**WHAT IS REQUIRED**
All of the records below are to be given again word for word, with the pictures removed.

Stored data entries

====

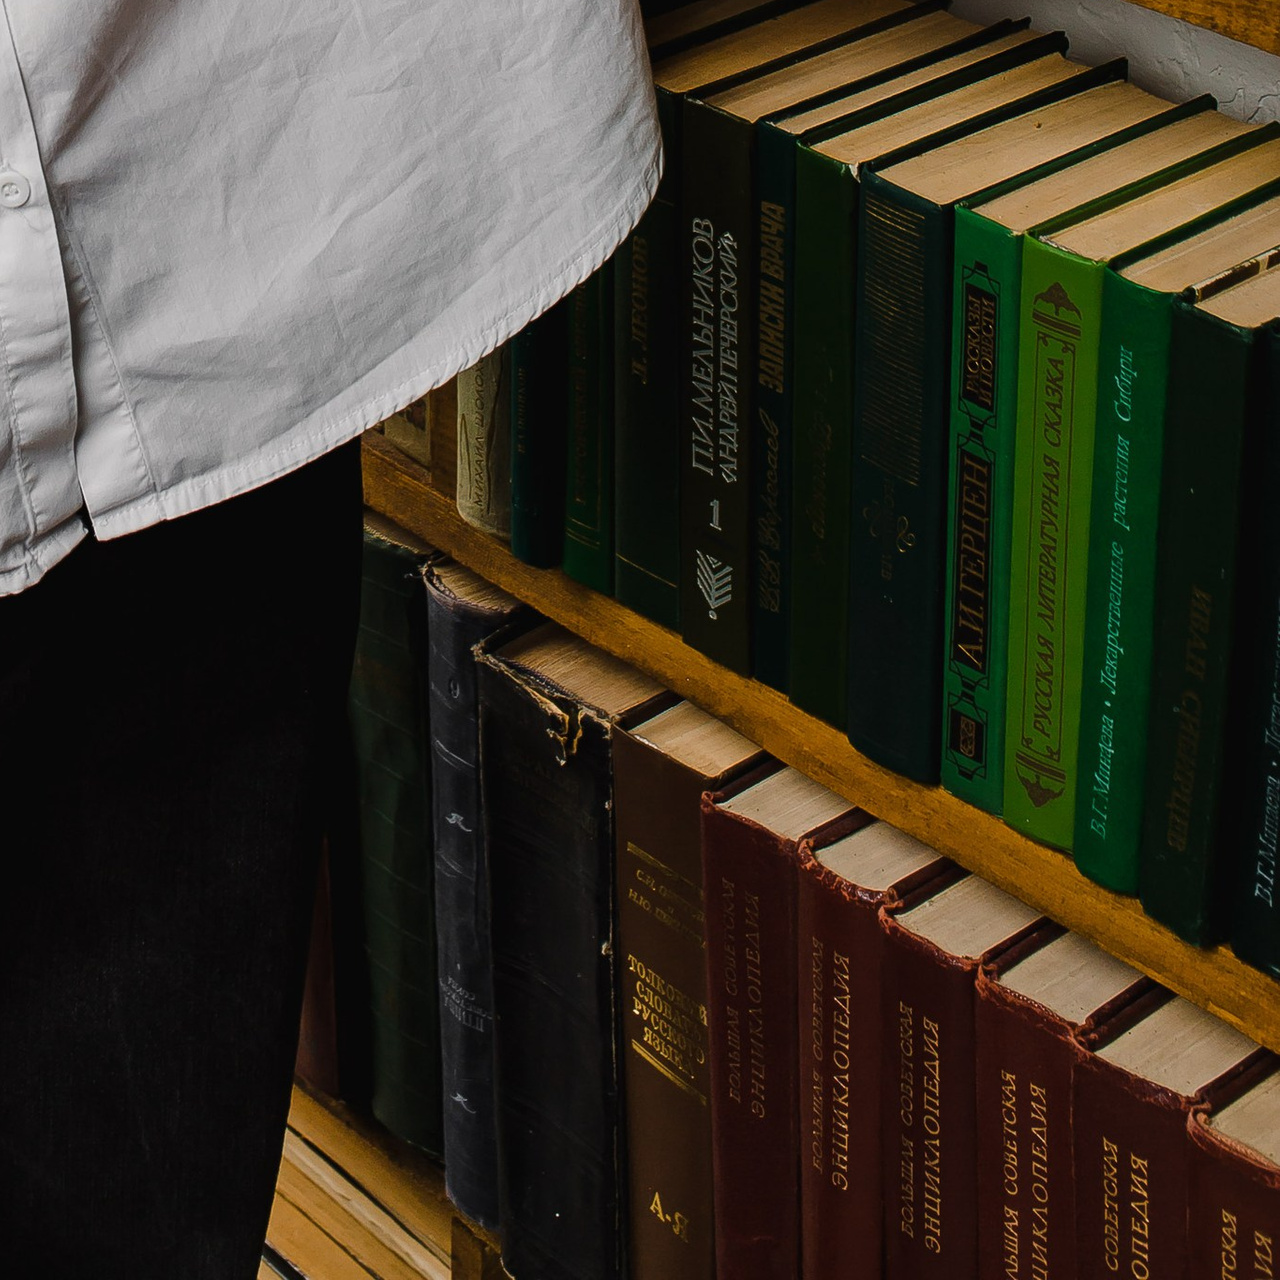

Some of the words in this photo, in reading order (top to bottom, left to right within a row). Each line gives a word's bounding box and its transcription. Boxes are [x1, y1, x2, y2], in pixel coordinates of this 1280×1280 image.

[760, 201, 786, 282] ВРАЧА
[759, 282, 786, 394] ЗАПИСКИ
[965, 293, 981, 396] РАССКАЗЫ
[1112, 345, 1136, 422] Сибири
[473, 358, 487, 428] ШОЛОХ
[1042, 357, 1065, 447] СКАЗКА
[473, 435, 486, 508] МИХАИЛ
[1109, 435, 1132, 529] растения
[1035, 454, 1061, 630] ЛИТЕРАТУРНАЯ
[1097, 541, 1124, 696] Лекарственные
[1031, 635, 1054, 739] РУССКАЯ
[722, 877, 738, 997] СОВЕТСКАЯ
[727, 1006, 742, 1104] БОЛЬШАЯ
[746, 890, 766, 1119] ЭНЦИКЛОПЕДИЯ
[832, 950, 851, 1191] ЭНЦИКЛОПЕДИЯ
[899, 1001, 914, 1127] СОВЕТСКАЯ
[923, 1015, 942, 1254] ЭНЦИКЛОПЕДИЯ
[1001, 1069, 1019, 1195] СОВЕТСКАЯ
[900, 1135, 915, 1239] БОЛЬШАЯ
[1103, 1137, 1119, 1271] СОВЕТСКАЯ
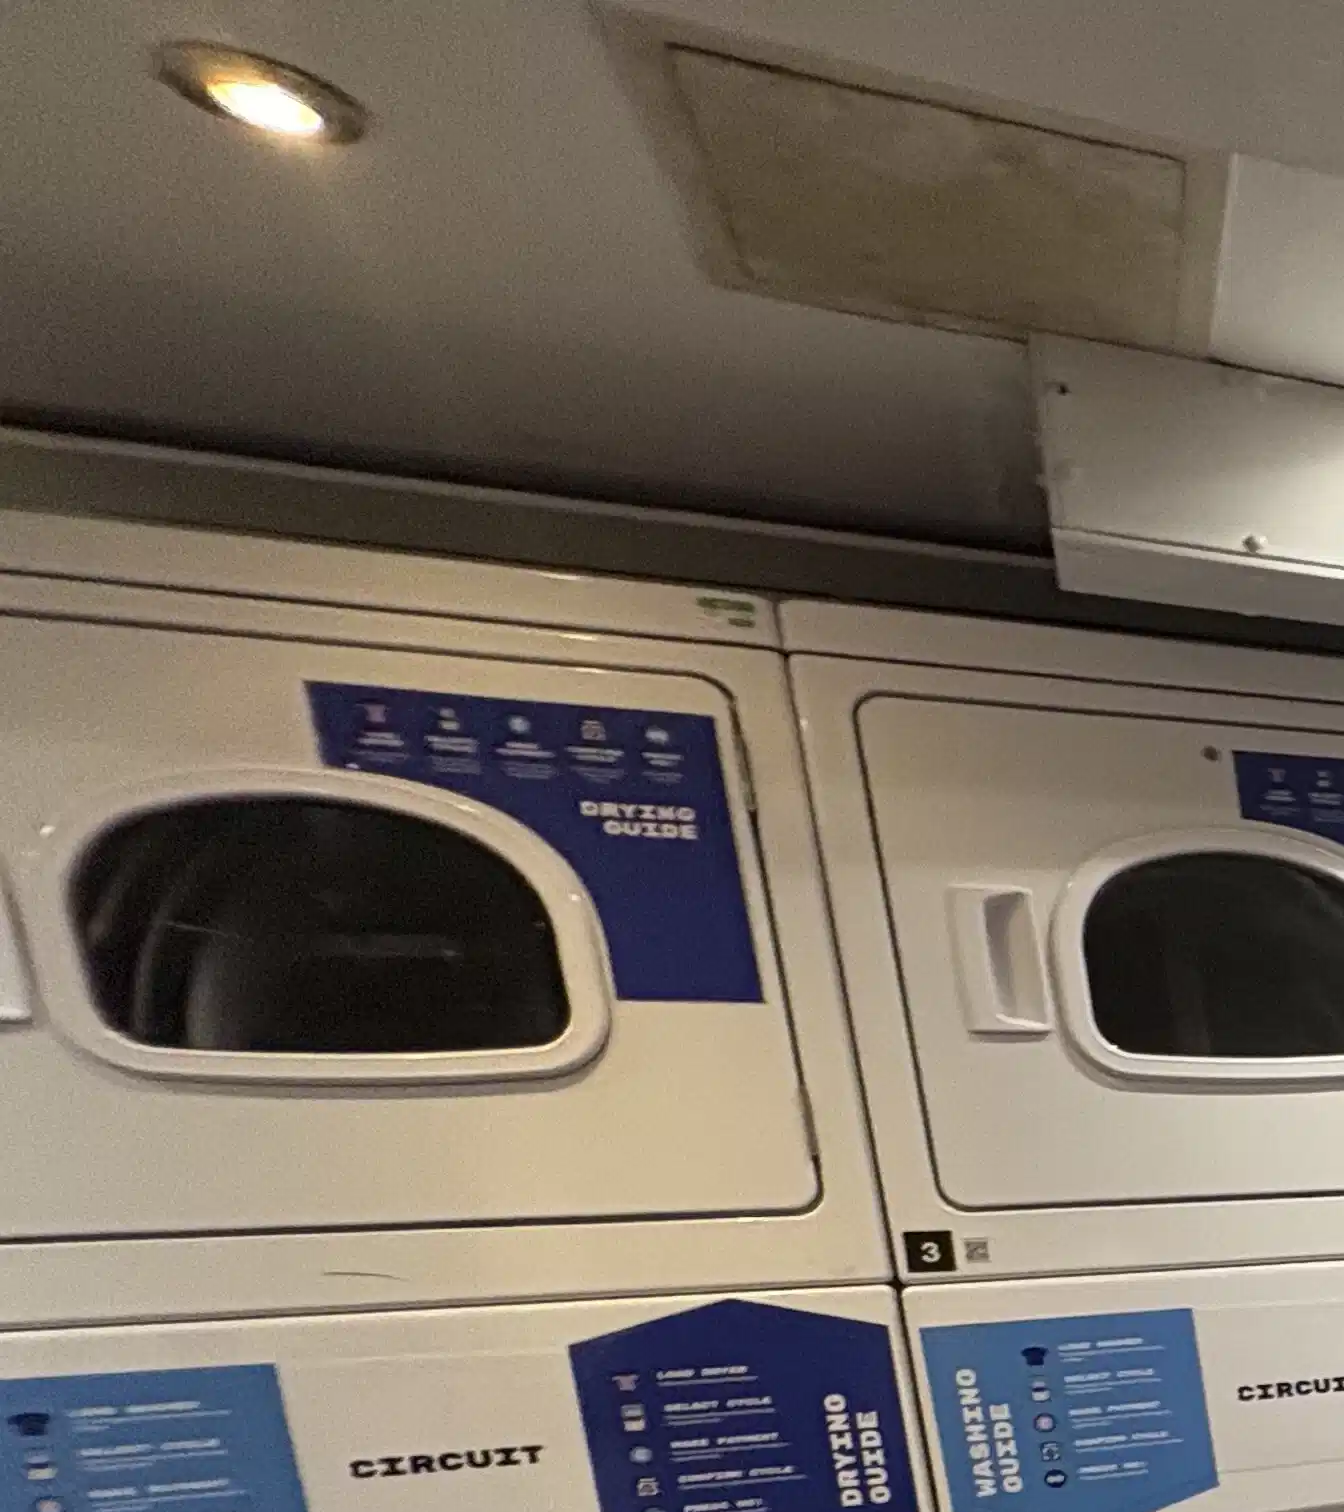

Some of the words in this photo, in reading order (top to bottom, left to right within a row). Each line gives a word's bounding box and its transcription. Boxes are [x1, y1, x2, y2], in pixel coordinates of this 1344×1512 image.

[580, 800, 697, 822] DRYING
[603, 821, 699, 841] GUIDE
[919, 1241, 942, 1264] 3
[348, 1444, 546, 1481] CIRCUIT
[824, 1392, 865, 1508] DRYING
[855, 1410, 892, 1506] GUIDE
[955, 1367, 998, 1498] WASHING
[988, 1402, 1024, 1494] GUIDE
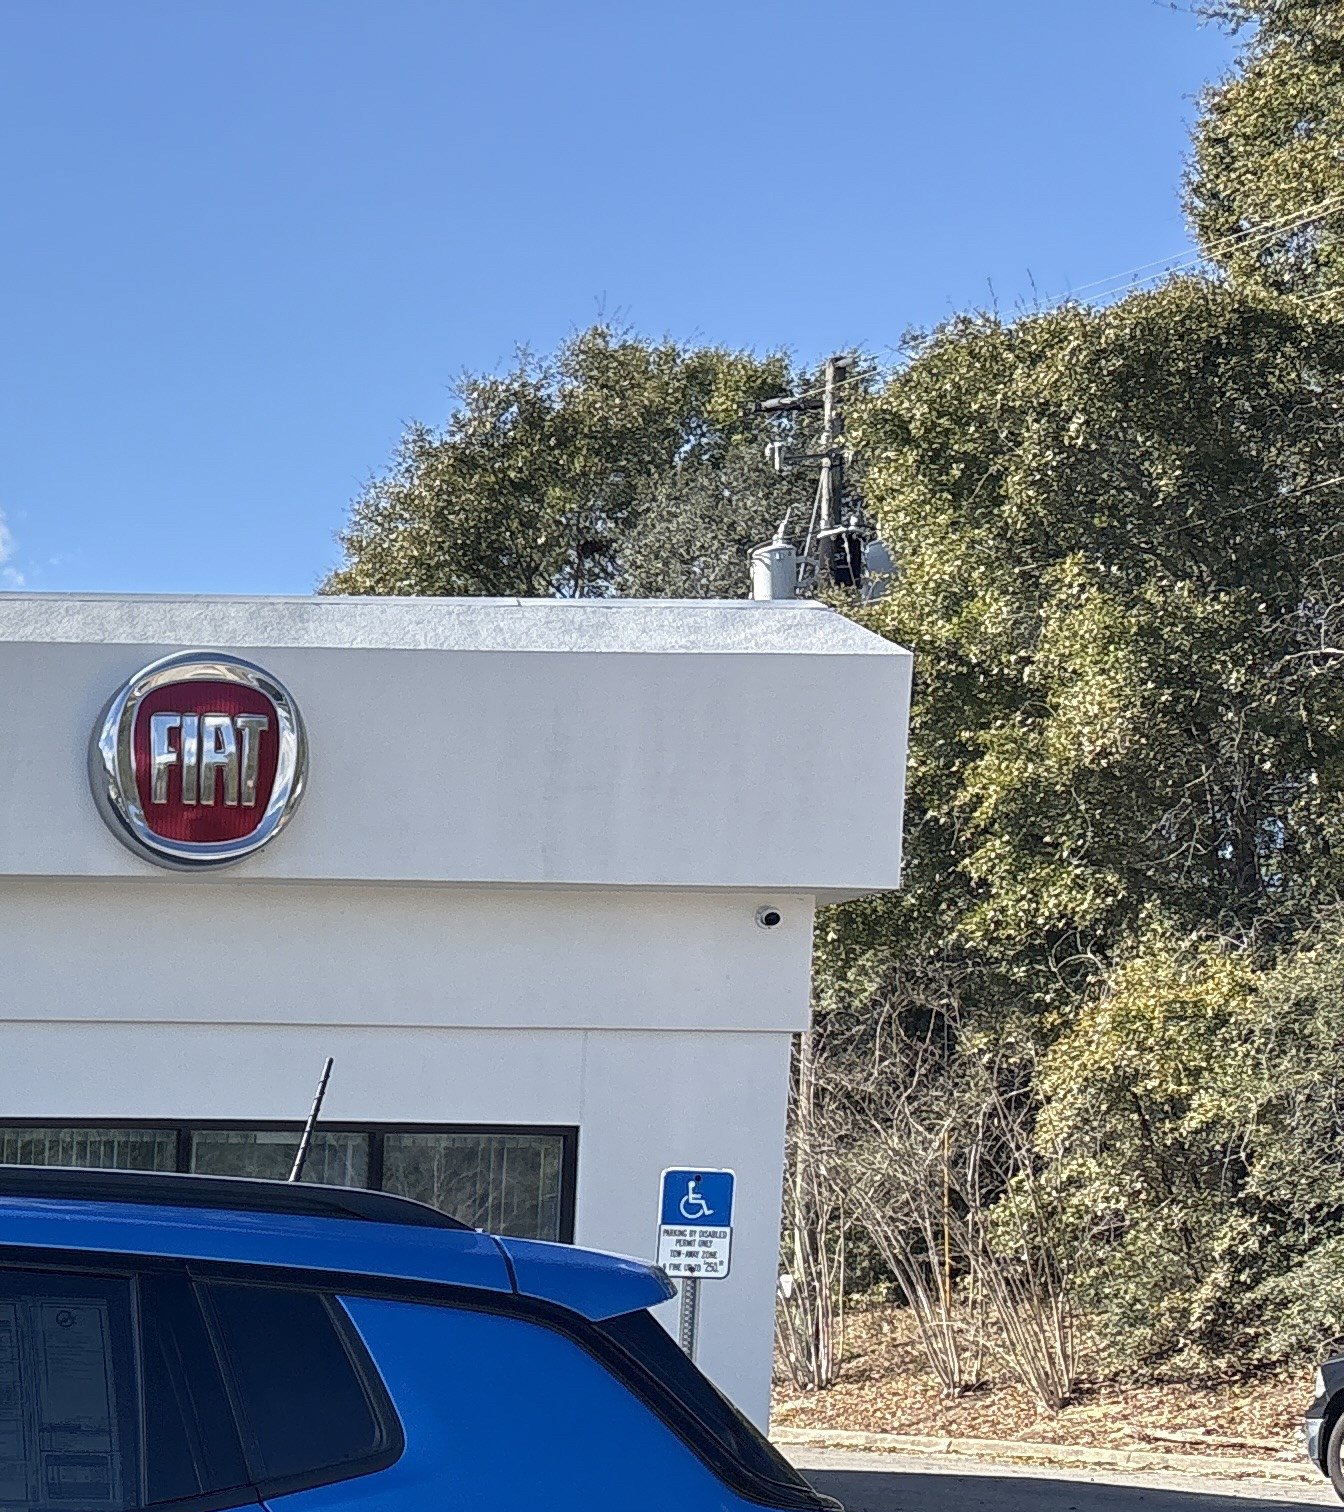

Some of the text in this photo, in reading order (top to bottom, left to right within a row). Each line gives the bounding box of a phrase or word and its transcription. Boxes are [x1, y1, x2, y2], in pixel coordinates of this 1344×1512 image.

[149, 712, 269, 807] FIAT
[663, 1229, 687, 1237] PARKING
[699, 1230, 727, 1239] DISABLED

====

**TASK RESULT**
Some of the words in this photo, in reading order (top to bottom, left to right within a row). Each line gives a word's bounding box and its transcription. Boxes are [x1, y1, x2, y2], in pixel coordinates of this 1280×1280 image.

[760, 201, 786, 282] ВРАЧА
[759, 282, 786, 394] ЗАПИСКИ
[965, 293, 981, 396] РАССКАЗЫ
[1112, 345, 1136, 422] Сибири
[473, 358, 487, 428] ШОЛОХ
[1042, 357, 1065, 447] СКАЗКА
[473, 435, 486, 508] МИХАИЛ
[1109, 435, 1132, 529] растения
[1035, 454, 1061, 630] ЛИТЕРАТУРНАЯ
[1097, 541, 1124, 696] Лекарственные
[1031, 635, 1054, 739] РУССКАЯ
[722, 877, 738, 997] СОВЕТСКАЯ
[727, 1006, 742, 1104] БОЛЬШАЯ
[746, 890, 766, 1119] ЭНЦИКЛОПЕДИЯ
[832, 950, 851, 1191] ЭНЦИКЛОПЕДИЯ
[899, 1001, 914, 1127] СОВЕТСКАЯ
[923, 1015, 942, 1254] ЭНЦИКЛОПЕДИЯ
[1001, 1069, 1019, 1195] СОВЕТСКАЯ
[900, 1135, 915, 1239] БОЛЬШАЯ
[1103, 1137, 1119, 1271] СОВЕТСКАЯ

Some of the words in this photo, in reading order (top to bottom, left to right within a row). Each line gives a word's bounding box and its transcription. Boxes are [x1, y1, x2, y2], in pixel coordinates of this 1344×1512 image.

[580, 800, 697, 822] DRYING
[603, 821, 699, 841] GUIDE
[919, 1241, 942, 1264] 3
[348, 1444, 546, 1481] CIRCUIT
[824, 1392, 865, 1508] DRYING
[855, 1410, 892, 1506] GUIDE
[955, 1367, 998, 1498] WASHING
[988, 1402, 1024, 1494] GUIDE

Some of the text in this photo, in reading order (top to bottom, left to right within a row). Each line gives the bounding box of a phrase or word and its transcription. Boxes are [x1, y1, x2, y2], in pixel coordinates of this 1344×1512 image.

[149, 712, 269, 807] FIAT
[663, 1229, 687, 1237] PARKING
[699, 1230, 727, 1239] DISABLED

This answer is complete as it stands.